URL: http://arxiv.org/abs/2602.20442v1
Date: Tue, 24 Feb 2026 01:04:02 GMT
Title: Imputation of Unknown Missingness in Sparse Electronic Health Records
Authors: Jun Han, Josue Nassar, Sanjit Singh Batra, Aldo Cordova-Palomera, Vijay Nori, Robert E. Tillman,
Abstract summary: We develop a general purpose algorithm for denoising data to recover unknown missing values in binary EHRs.<n>We design a transformer-based denoising neural network where the output is thresholded adaptively to recover values in cases where we predict data are missing.<n>Our results demonstrate improved accuracy in denoising medical codes within a real EHR dataset compared to existing imputation approaches.
Score: 4.487420781682439
License: http://creativecommons.org/licenses/by/4.0/
Abstract: Machine learning holds great promise for advancing the field of medicine, with electronic health records (EHRs) serving as a primary data source. However, EHRs are often sparse and contain missing data due to various challenges and limitations in data collection and sharing between healthcare providers. Existing techniques for imputing missing values predominantly focus on known unknowns, such as missing or unavailable values of lab test results; most do not explicitly address situations where it is difficult to distinguish what is missing. For instance, a missing diagnosis code in an EHR could signify either that the patient has not been diagnosed with the condition or that a diagnosis was made, but not shared by a provider. Such situations fall into the paradigm of unknown unknowns. To address this challenge, we develop a general purpose algorithm for denoising data to recover unknown missing values in binary EHRs. We design a transformer-based denoising neural network where the output is thresholded adaptively to recover values in cases where we predict data are missing.
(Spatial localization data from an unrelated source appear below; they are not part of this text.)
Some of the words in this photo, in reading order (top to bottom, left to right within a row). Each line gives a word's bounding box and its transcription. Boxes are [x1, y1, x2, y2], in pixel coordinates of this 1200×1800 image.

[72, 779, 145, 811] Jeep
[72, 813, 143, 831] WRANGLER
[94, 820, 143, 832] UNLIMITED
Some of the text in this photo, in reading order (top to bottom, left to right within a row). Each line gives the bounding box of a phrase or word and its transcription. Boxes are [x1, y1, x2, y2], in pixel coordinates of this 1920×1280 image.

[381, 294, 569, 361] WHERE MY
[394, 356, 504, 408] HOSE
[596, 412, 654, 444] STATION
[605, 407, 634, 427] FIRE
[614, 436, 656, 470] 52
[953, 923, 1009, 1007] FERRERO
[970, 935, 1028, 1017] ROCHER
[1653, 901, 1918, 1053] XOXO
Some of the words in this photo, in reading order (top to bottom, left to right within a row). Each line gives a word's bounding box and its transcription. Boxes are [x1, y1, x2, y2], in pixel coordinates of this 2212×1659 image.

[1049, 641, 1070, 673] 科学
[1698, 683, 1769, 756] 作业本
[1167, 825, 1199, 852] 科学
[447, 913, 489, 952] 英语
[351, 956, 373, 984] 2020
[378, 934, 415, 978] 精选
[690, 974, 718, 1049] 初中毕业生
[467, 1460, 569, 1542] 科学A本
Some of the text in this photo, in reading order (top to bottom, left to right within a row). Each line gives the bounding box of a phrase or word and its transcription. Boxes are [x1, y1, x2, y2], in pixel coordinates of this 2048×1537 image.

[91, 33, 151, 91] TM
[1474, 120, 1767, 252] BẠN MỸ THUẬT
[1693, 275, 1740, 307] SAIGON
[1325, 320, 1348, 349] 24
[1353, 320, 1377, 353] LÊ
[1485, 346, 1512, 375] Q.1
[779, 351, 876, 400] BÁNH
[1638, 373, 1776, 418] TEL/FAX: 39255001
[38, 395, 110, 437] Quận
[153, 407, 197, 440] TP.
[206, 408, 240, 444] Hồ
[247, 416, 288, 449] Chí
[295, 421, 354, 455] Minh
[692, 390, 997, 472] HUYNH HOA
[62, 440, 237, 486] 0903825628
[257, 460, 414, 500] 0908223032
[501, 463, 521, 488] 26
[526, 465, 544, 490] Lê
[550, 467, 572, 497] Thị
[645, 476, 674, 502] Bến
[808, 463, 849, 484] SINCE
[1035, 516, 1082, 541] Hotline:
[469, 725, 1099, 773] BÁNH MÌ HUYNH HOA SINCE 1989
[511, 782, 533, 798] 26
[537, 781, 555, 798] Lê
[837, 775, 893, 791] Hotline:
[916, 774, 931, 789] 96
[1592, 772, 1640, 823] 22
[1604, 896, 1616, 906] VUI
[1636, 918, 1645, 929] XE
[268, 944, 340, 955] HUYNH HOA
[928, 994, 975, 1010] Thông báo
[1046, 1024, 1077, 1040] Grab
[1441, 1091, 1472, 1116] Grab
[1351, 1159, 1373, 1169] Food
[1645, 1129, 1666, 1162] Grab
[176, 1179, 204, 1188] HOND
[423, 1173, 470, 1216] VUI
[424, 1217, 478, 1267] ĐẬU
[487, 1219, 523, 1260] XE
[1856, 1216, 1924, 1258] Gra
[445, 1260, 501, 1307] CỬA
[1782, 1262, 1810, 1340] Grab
Our results demonstrate improved accuracy in denoising medical codes within a real EHR dataset compared to existing imputation approaches and leads to increased performance on downstream tasks using the denoised data. In particular, when applying our method to a real world application, predicting hospital readmission from EHRs, our method achieves statistically significant improvement over all existing baselines.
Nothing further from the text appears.